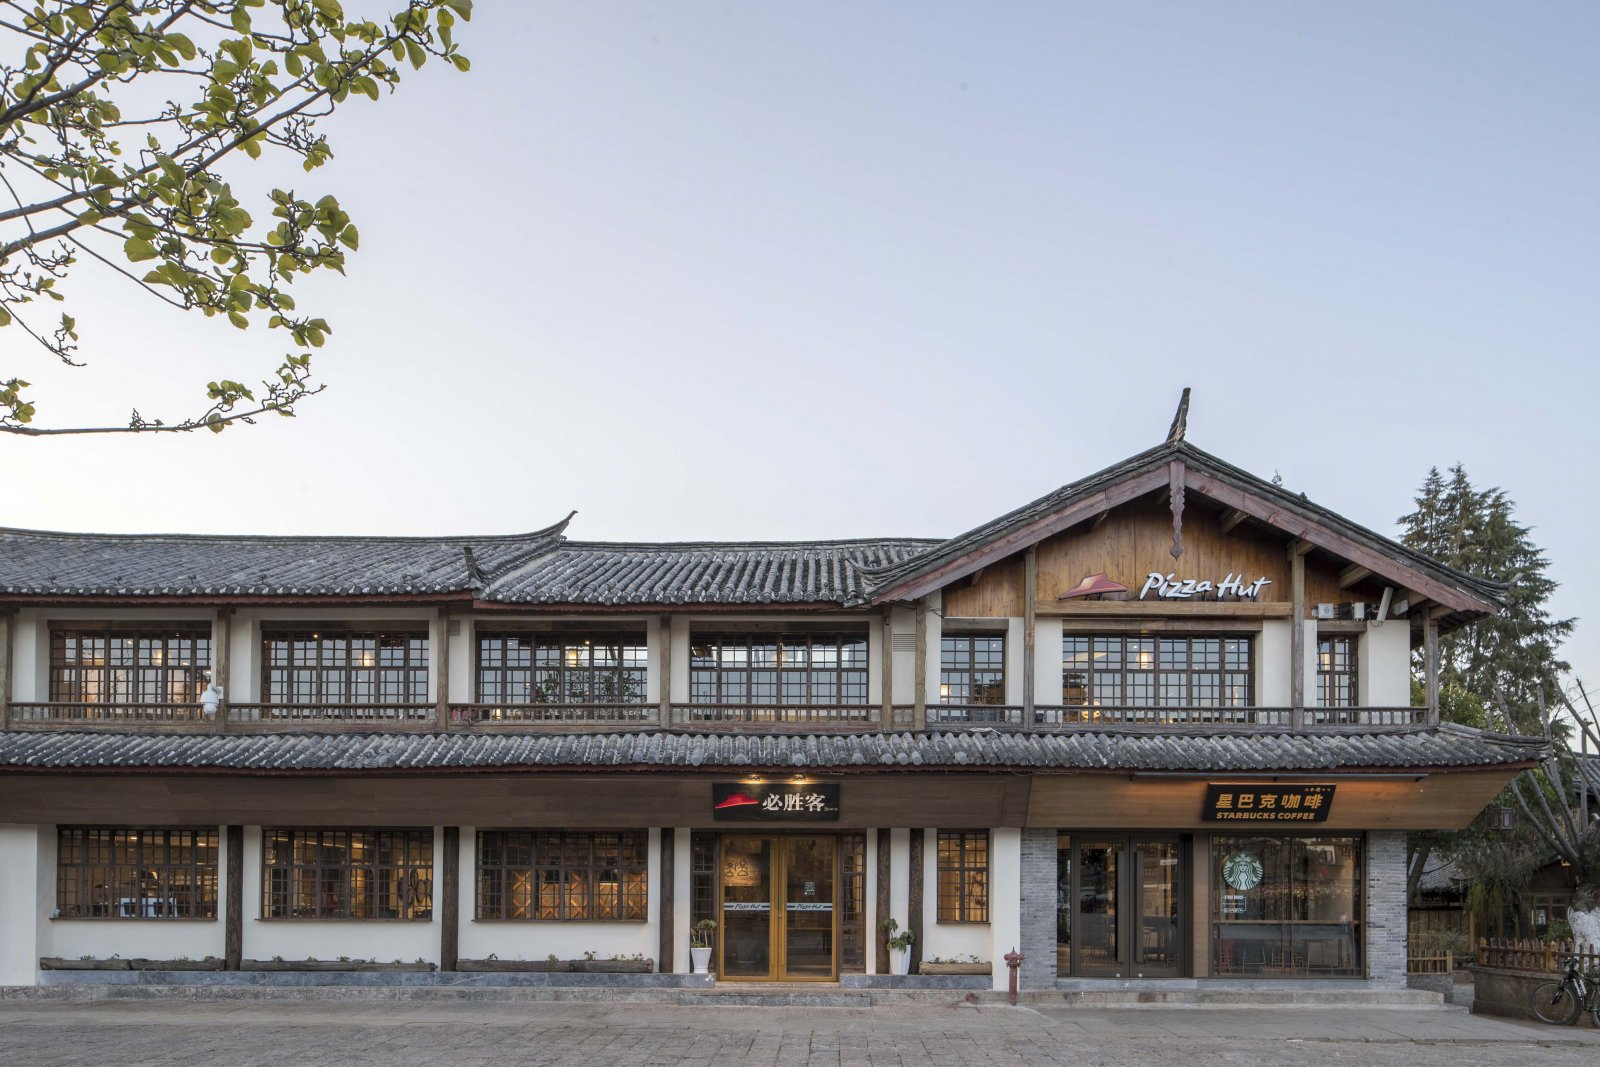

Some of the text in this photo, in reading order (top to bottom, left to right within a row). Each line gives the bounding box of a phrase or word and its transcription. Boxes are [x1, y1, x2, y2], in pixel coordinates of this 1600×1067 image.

[1139, 572, 1272, 600] Pizza Hut
[762, 793, 826, 812] 必胜客
[1215, 794, 1323, 809] 星巴克咖啡
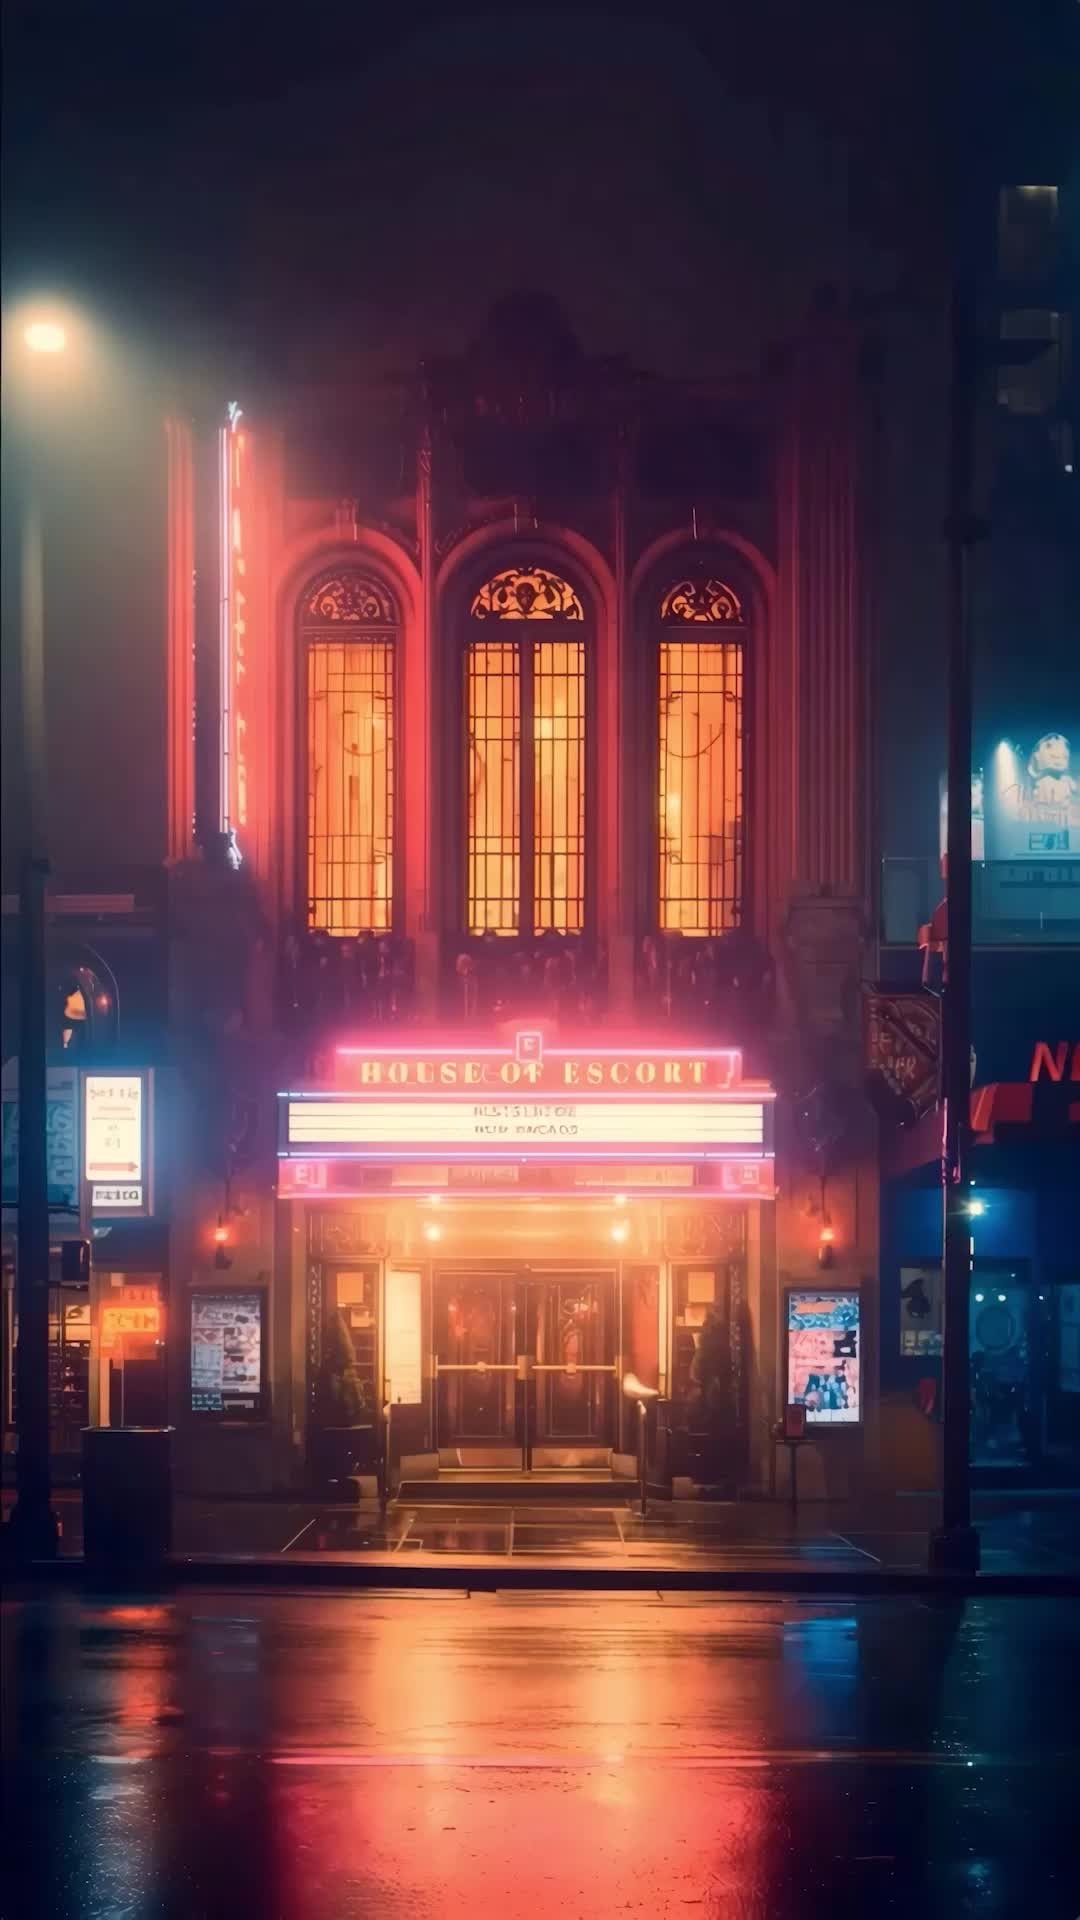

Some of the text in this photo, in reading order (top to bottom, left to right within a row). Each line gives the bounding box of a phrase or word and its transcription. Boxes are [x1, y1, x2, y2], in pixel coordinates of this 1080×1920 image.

[361, 1062, 708, 1084] HOUSE OF ESCORT
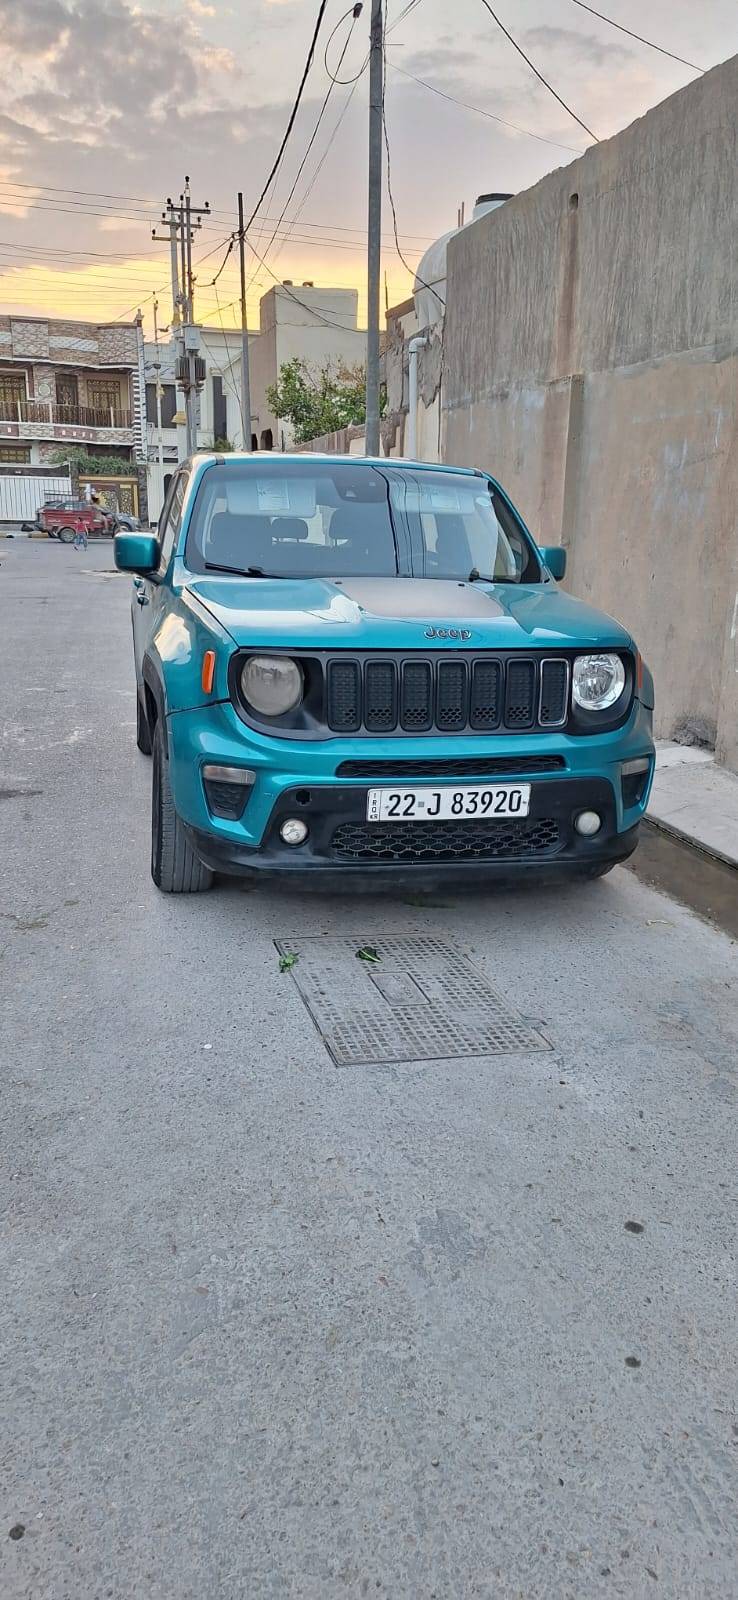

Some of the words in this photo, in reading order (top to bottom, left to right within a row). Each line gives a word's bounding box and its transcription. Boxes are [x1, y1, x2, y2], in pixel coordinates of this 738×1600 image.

[424, 625, 472, 642] Jeep
[387, 794, 416, 817] 22
[427, 793, 441, 816] J
[451, 790, 522, 815] 83920

------------------------------------------------------------------------

What you will do: In the records above, find the line that contains "this 1080×1920 image.". Retype it and every line after it, exactly, leaving out all pictures.

Reply:
Some of the text in this photo, in reading order (top to bottom, left to right within a row). Each line gives the bounding box of a phrase or word and its transcription. Boxes are [x1, y1, x2, y2], in pixel coordinates of this 1080×1920 image.

[361, 1062, 708, 1084] HOUSE OF ESCORT

Some of the words in this photo, in reading order (top to bottom, left to right within a row). Each line gives a word's bounding box and its transcription. Boxes are [x1, y1, x2, y2], in pixel coordinates of this 738×1600 image.

[424, 625, 472, 642] Jeep
[387, 794, 416, 817] 22
[427, 793, 441, 816] J
[451, 790, 522, 815] 83920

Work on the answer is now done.